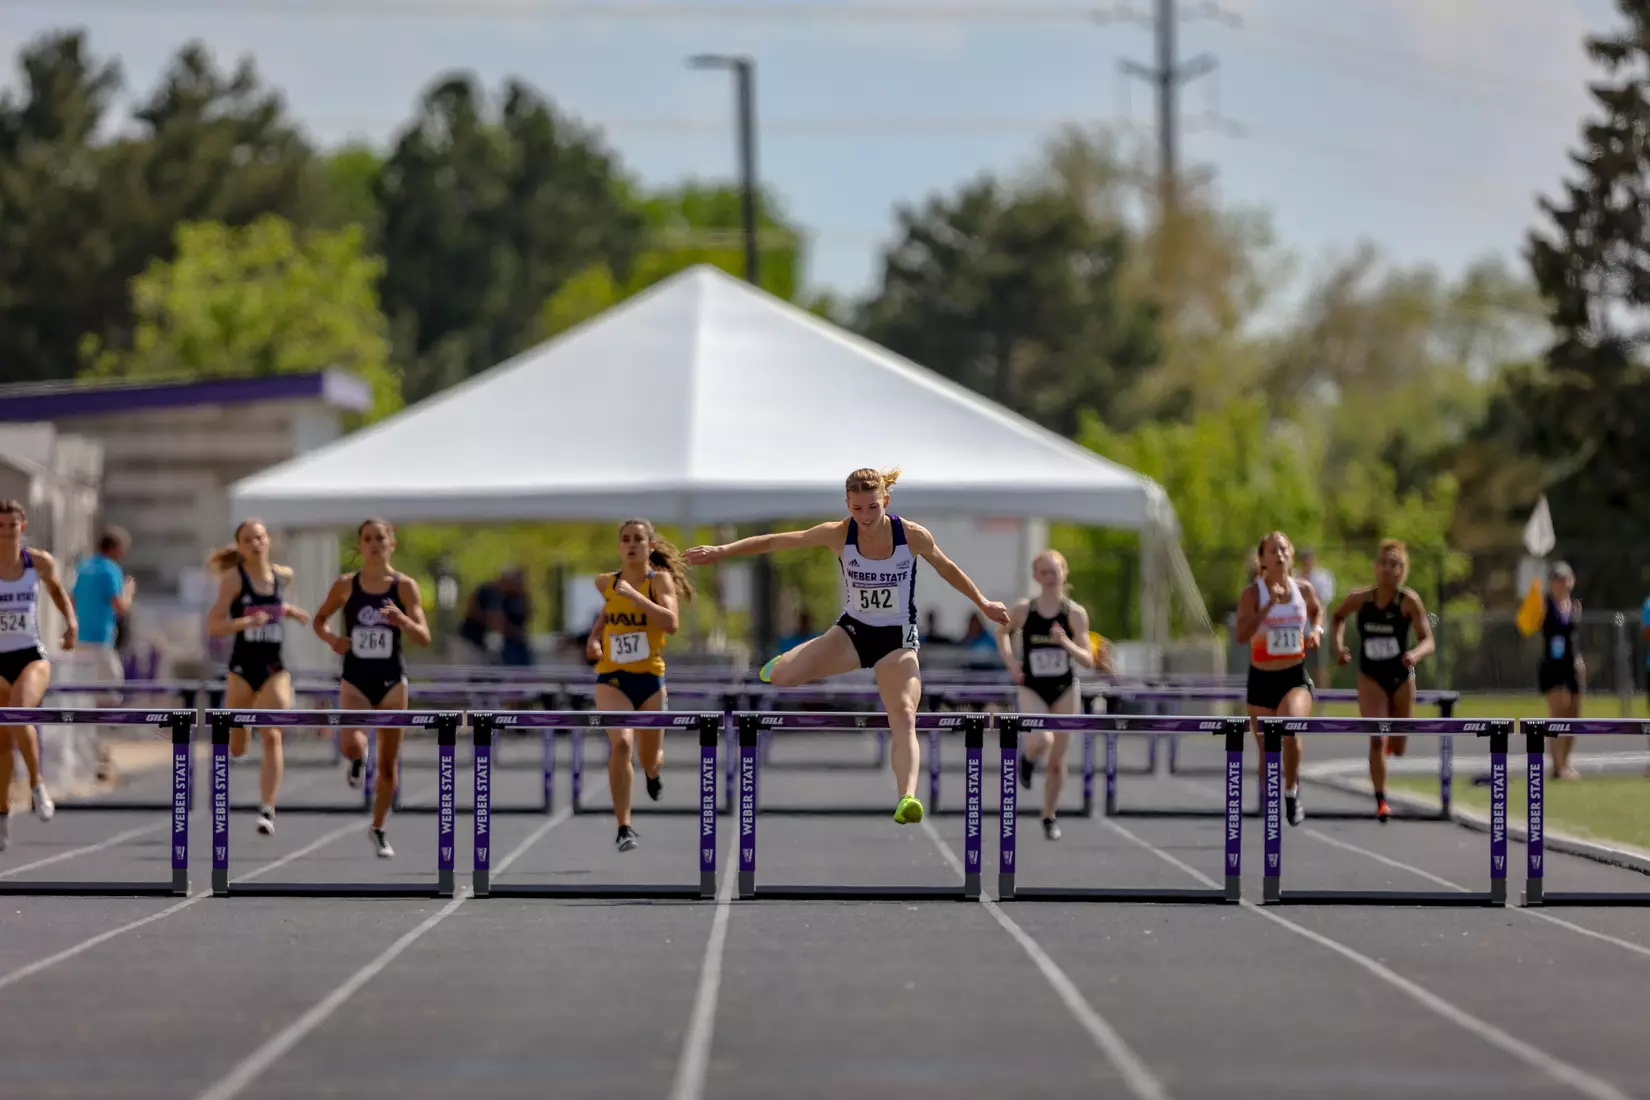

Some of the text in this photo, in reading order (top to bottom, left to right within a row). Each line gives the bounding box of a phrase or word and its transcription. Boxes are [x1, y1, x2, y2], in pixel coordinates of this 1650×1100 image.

[847, 568, 907, 583] WEBER STATE
[860, 589, 893, 609] 542
[0, 615, 26, 631] 524
[359, 631, 386, 650] 264
[615, 635, 640, 655] 357
[1273, 631, 1296, 648] 211
[145, 714, 169, 722] GILL
[234, 715, 257, 723] GILL
[412, 715, 435, 724] GILL
[495, 716, 519, 724] GILL
[672, 716, 697, 725] GILL
[761, 717, 785, 725] GILL
[938, 718, 962, 726] GILL
[1021, 719, 1045, 727] GILL
[1199, 721, 1222, 729] GILL
[1285, 722, 1308, 731] GILL
[1463, 723, 1486, 731] GILL
[1548, 723, 1571, 731] GILL
[176, 755, 186, 833] WEBER STATE
[215, 755, 226, 834] WEBER STATE
[442, 756, 452, 835] WEBER STATE
[477, 757, 488, 835] WEBER STATE
[703, 758, 714, 836] WEBER STATE
[743, 757, 753, 836] WEBER STATE
[968, 759, 979, 838] WEBER STATE
[1003, 759, 1014, 838] WEBER STATE
[1228, 762, 1240, 840] WEBER STATE
[1267, 763, 1278, 840] WEBER STATE
[1531, 764, 1540, 842] WEBER STATE
[1494, 764, 1504, 843] WEBER STATE
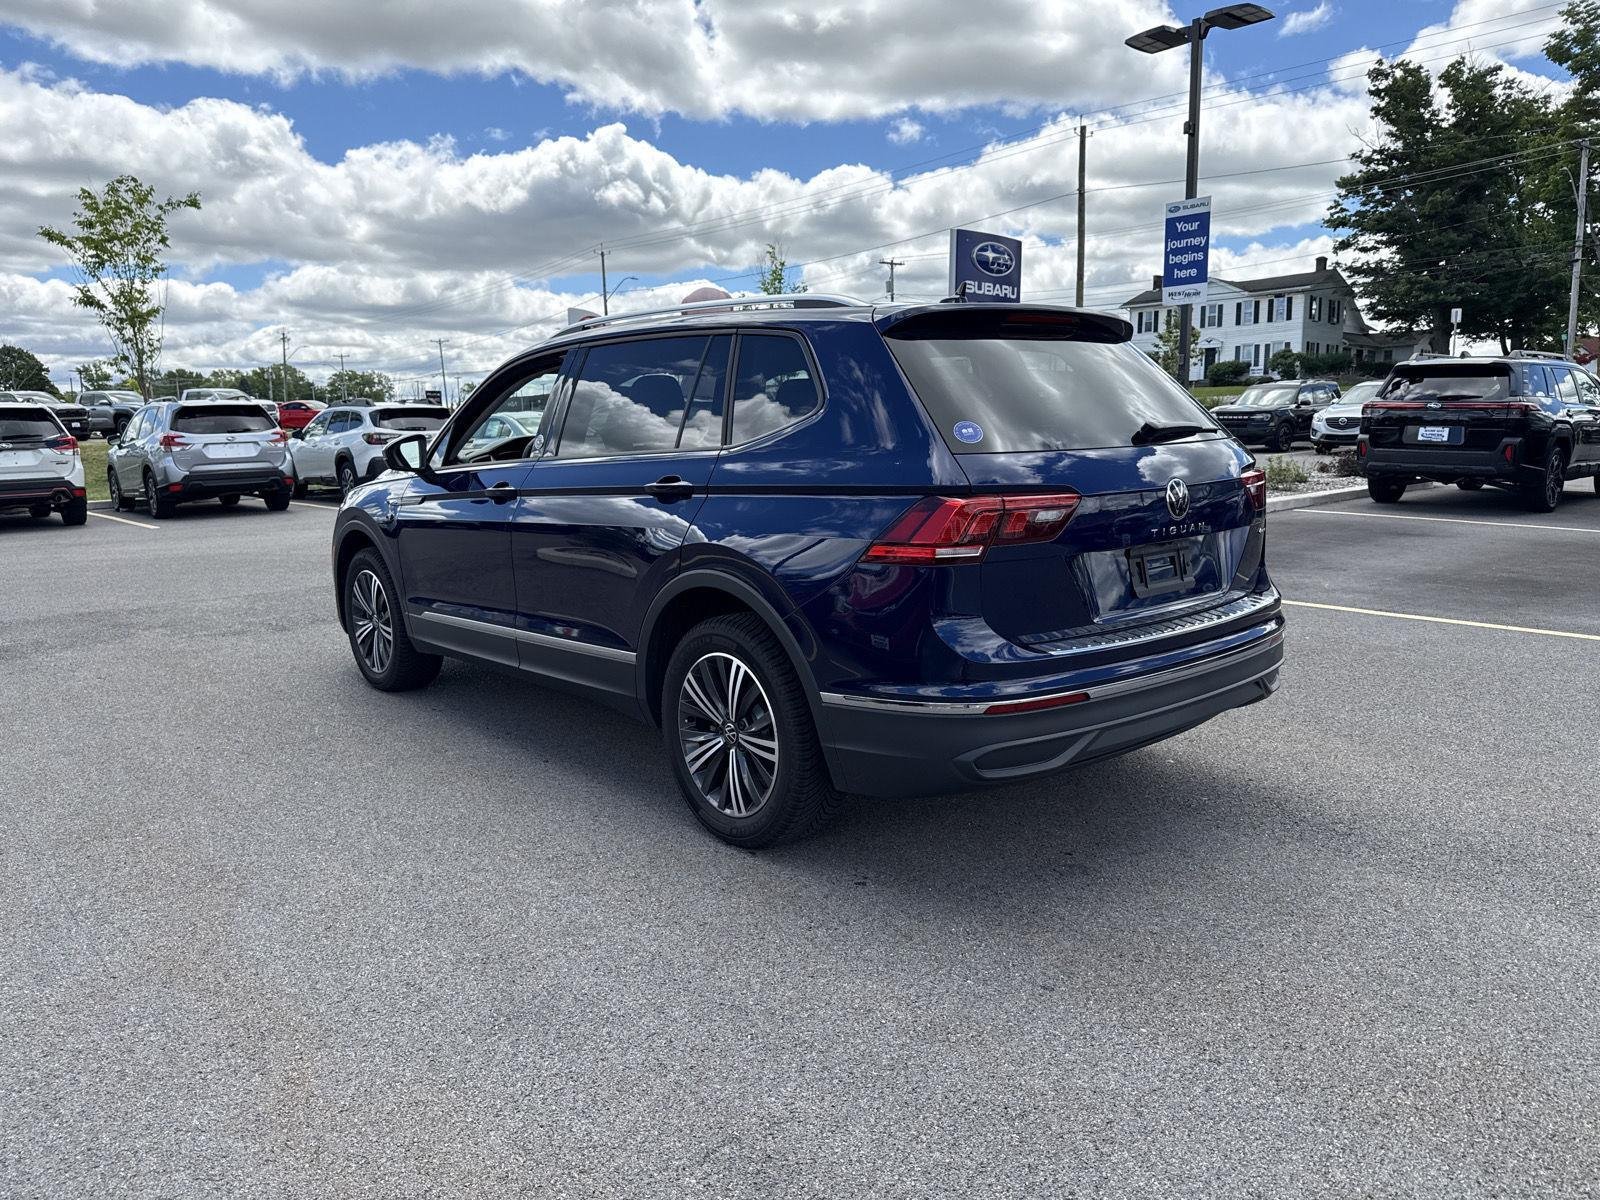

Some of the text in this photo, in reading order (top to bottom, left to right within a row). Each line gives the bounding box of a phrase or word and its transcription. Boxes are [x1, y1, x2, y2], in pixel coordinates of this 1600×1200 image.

[1182, 201, 1209, 210] SUBARU
[1176, 221, 1200, 233] Your
[1167, 236, 1207, 251] journey
[1169, 251, 1204, 265] begins
[1174, 268, 1198, 279] here
[966, 280, 1017, 298] SUBARU
[1151, 521, 1206, 537] TIGUAN

Instructions to follow
All of the records above should be written out exactly, with the pictures left out.

Written answer
Some of the text in this photo, in reading order (top to bottom, left to right within a row). Each line gives the bounding box of a phrase or word and its transcription. Boxes are [x1, y1, x2, y2], in pixel coordinates of this 1650×1100 image.

[847, 568, 907, 583] WEBER STATE
[860, 589, 893, 609] 542
[0, 615, 26, 631] 524
[359, 631, 386, 650] 264
[615, 635, 640, 655] 357
[1273, 631, 1296, 648] 211
[145, 714, 169, 722] GILL
[234, 715, 257, 723] GILL
[412, 715, 435, 724] GILL
[495, 716, 519, 724] GILL
[672, 716, 697, 725] GILL
[761, 717, 785, 725] GILL
[938, 718, 962, 726] GILL
[1021, 719, 1045, 727] GILL
[1199, 721, 1222, 729] GILL
[1285, 722, 1308, 731] GILL
[1463, 723, 1486, 731] GILL
[1548, 723, 1571, 731] GILL
[176, 755, 186, 833] WEBER STATE
[215, 755, 226, 834] WEBER STATE
[442, 756, 452, 835] WEBER STATE
[477, 757, 488, 835] WEBER STATE
[703, 758, 714, 836] WEBER STATE
[743, 757, 753, 836] WEBER STATE
[968, 759, 979, 838] WEBER STATE
[1003, 759, 1014, 838] WEBER STATE
[1228, 762, 1240, 840] WEBER STATE
[1267, 763, 1278, 840] WEBER STATE
[1531, 764, 1540, 842] WEBER STATE
[1494, 764, 1504, 843] WEBER STATE

Some of the text in this photo, in reading order (top to bottom, left to right within a row). Each line gives the bounding box of a phrase or word and its transcription. Boxes are [x1, y1, x2, y2], in pixel coordinates of this 1600×1200 image.

[1182, 201, 1209, 210] SUBARU
[1176, 221, 1200, 233] Your
[1167, 236, 1207, 251] journey
[1169, 251, 1204, 265] begins
[1174, 268, 1198, 279] here
[966, 280, 1017, 298] SUBARU
[1151, 521, 1206, 537] TIGUAN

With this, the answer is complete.